**Source material**:
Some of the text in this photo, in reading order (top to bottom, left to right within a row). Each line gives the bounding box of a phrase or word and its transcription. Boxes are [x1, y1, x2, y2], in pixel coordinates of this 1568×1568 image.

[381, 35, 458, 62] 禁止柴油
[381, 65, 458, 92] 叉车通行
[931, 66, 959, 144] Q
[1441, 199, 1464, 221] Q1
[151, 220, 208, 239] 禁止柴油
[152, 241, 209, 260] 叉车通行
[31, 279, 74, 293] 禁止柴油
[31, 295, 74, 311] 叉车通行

**What the exercise asks**:
Copy out the records above exactly and completely.

**Task output**:
Some of the text in this photo, in reading order (top to bottom, left to right within a row). Each line gives the bounding box of a phrase or word and its transcription. Boxes are [x1, y1, x2, y2], in pixel coordinates of this 1568×1568 image.

[381, 35, 458, 62] 禁止柴油
[381, 65, 458, 92] 叉车通行
[931, 66, 959, 144] Q
[1441, 199, 1464, 221] Q1
[151, 220, 208, 239] 禁止柴油
[152, 241, 209, 260] 叉车通行
[31, 279, 74, 293] 禁止柴油
[31, 295, 74, 311] 叉车通行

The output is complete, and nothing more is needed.